The app is ingenious because it uses the microphone on the earphones to listen for ambient noise. If noise reaches above a certain level, that sound is pumped through the earphones. The net result is that users get a noise-isolated experience without being completely shut-off from the world.
Speaking of the microphone — the one weak spot on the hf3 headphones is the built-in mic. Callers said I sounded fine, but quiet, and the fidelity of the microphone isn’t exceptional. On the brighter side, the built-in remote control/volume control switch works brilliantly with the iPhone, iPad, iPod touch and iPod nano. I like the placement of the remote control/microphone as well.
For my money, I haven’t come across a better in-ear headset/earphone combination. For consumers who value a good audio experience and want a pair of earphones that will outlast the $30 cheapies, give them a listen.
Earbuds Get a Close-Up
The key to getting the best sound from noise-isolating in-ear earphones is a good, tight seal.
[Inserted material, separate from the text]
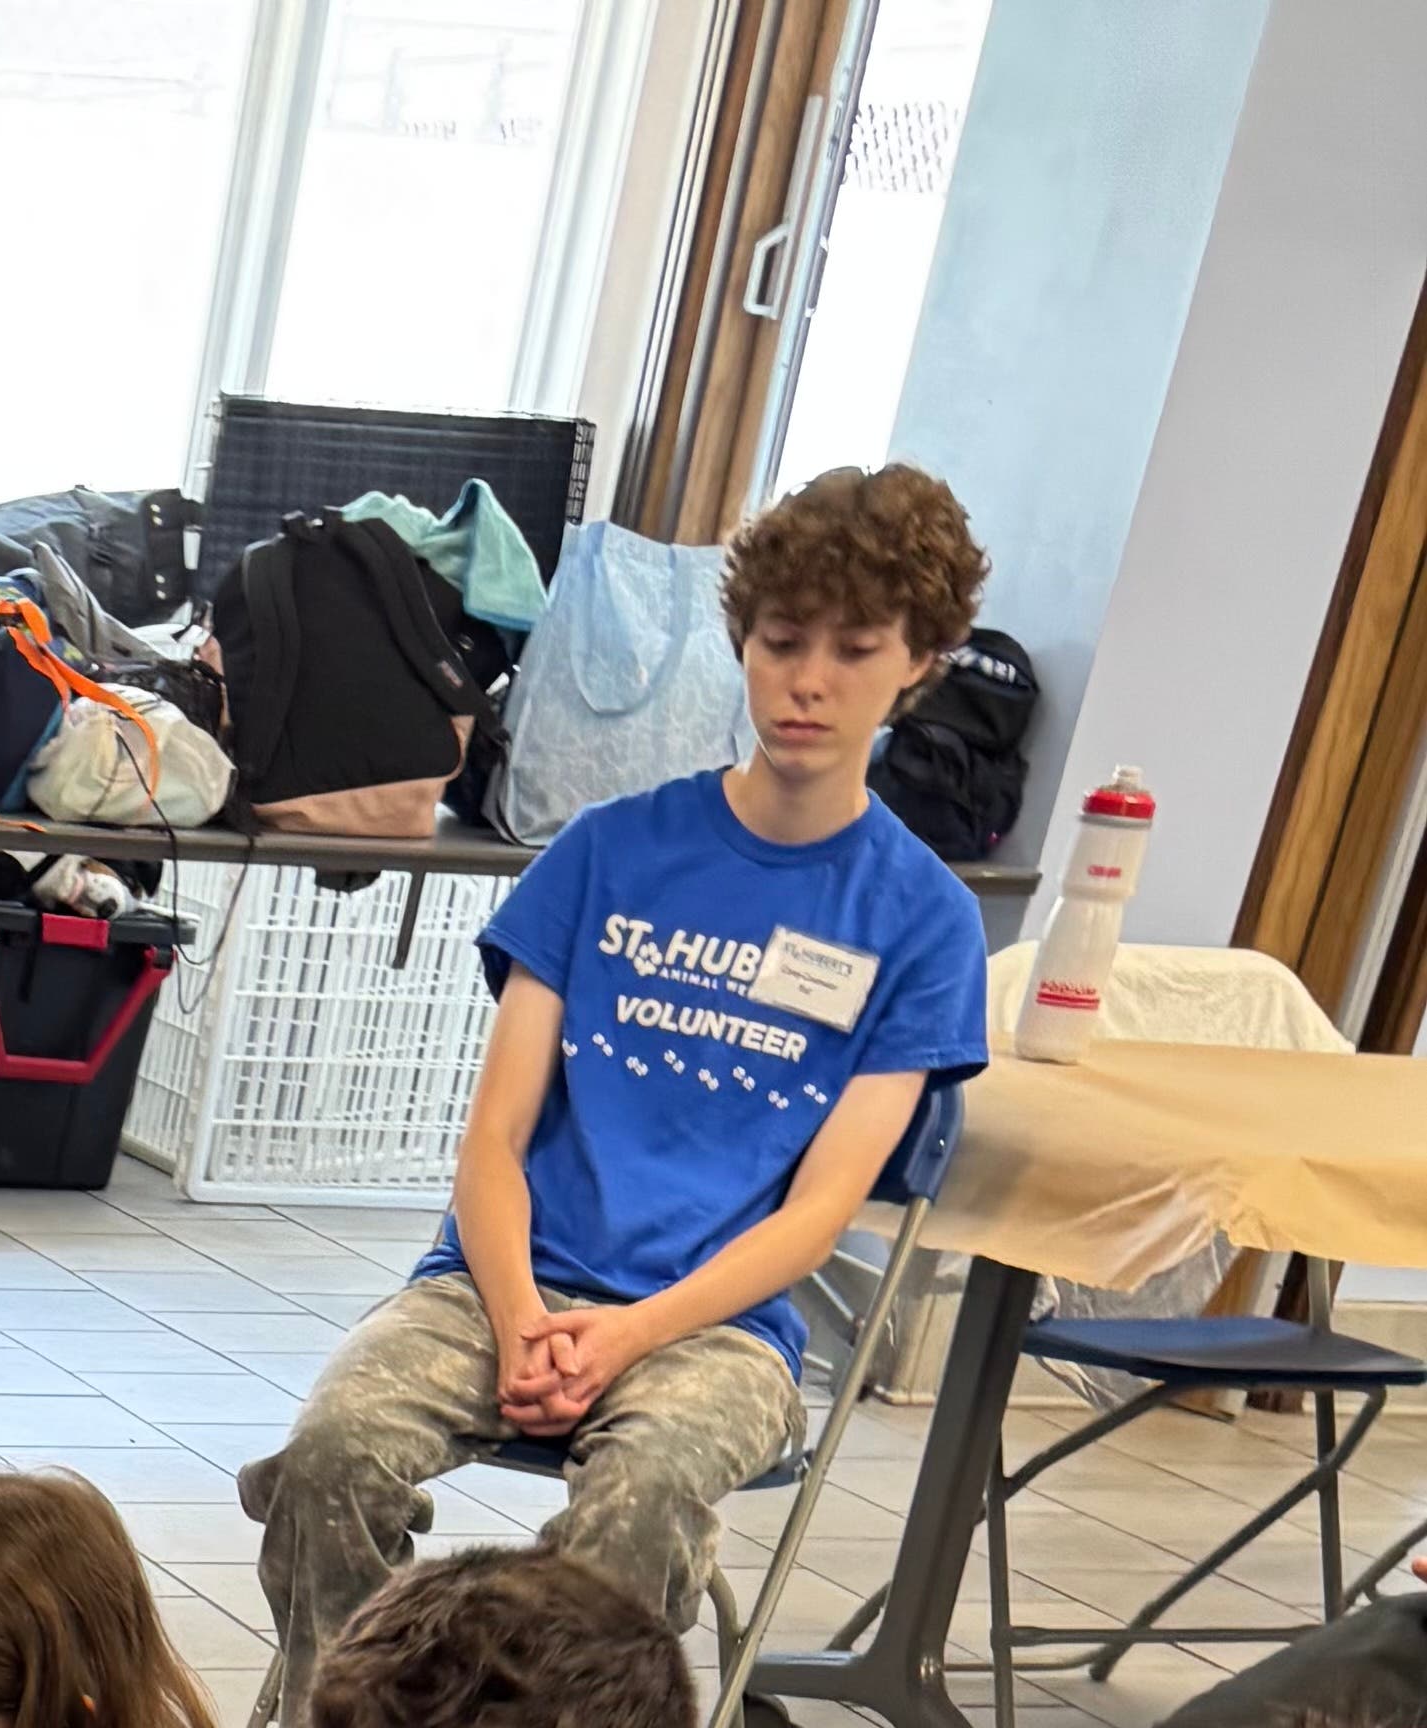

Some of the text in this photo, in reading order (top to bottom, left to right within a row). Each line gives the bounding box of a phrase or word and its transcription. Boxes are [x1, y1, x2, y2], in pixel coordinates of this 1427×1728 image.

[659, 966, 748, 996] ANIMAL WE
[665, 929, 762, 983] HUB
[616, 994, 808, 1063] VOLUNTEER
It can take a bit of time to find the right seal with the hf3 headset and earphones, but once its found, the only sounds you’ll hear are the tunes coming from your audio device.
iOS Friendly Remote
The hf3 headset and earphones aren’t just for Apple products — we successfully used the earbuds with our Android devices and laptops, too — but an added bonus feature is that the remote control is compatible with the iPhone, iPad and iPod nano. This makes it easy to not only accept phone calls, but adjust volume, play and pause music and scan forward and backward in your library.
Etymotic doesn’t scrimp on the accessories. The hf3 headset and earphones come with a durable, soft case (great for keeping your earphones tangle free and in good condition), a larger set of three-flanges insets and foam and dome-shaped inserts. Use whatever feels best in your ear and whatever gives you the best seal.
Etymotic also includes two replacement filters and a cleaner to keep your earbuds sounding their best.
By registering their earphones, users gain full access to the fantastic Awareness app for iOS.
This app uses the built-in microphone on the hf3 earphones to alert users of what is happening around them when the noise gets above a certain decibel. That means that you can get the benefits of a noise-isolating experience, while still being on alert for things happening around you, like a fire engine or a honking horn.
Awareness App Settings
The Awareness app has lots of customizable settings to really make it useful for users that want a way to keep an eye on something else, while still enjoying their earphones.
The app works with any audio on the iPhone, but some features, like ClearVoice, only work in the default iPod app.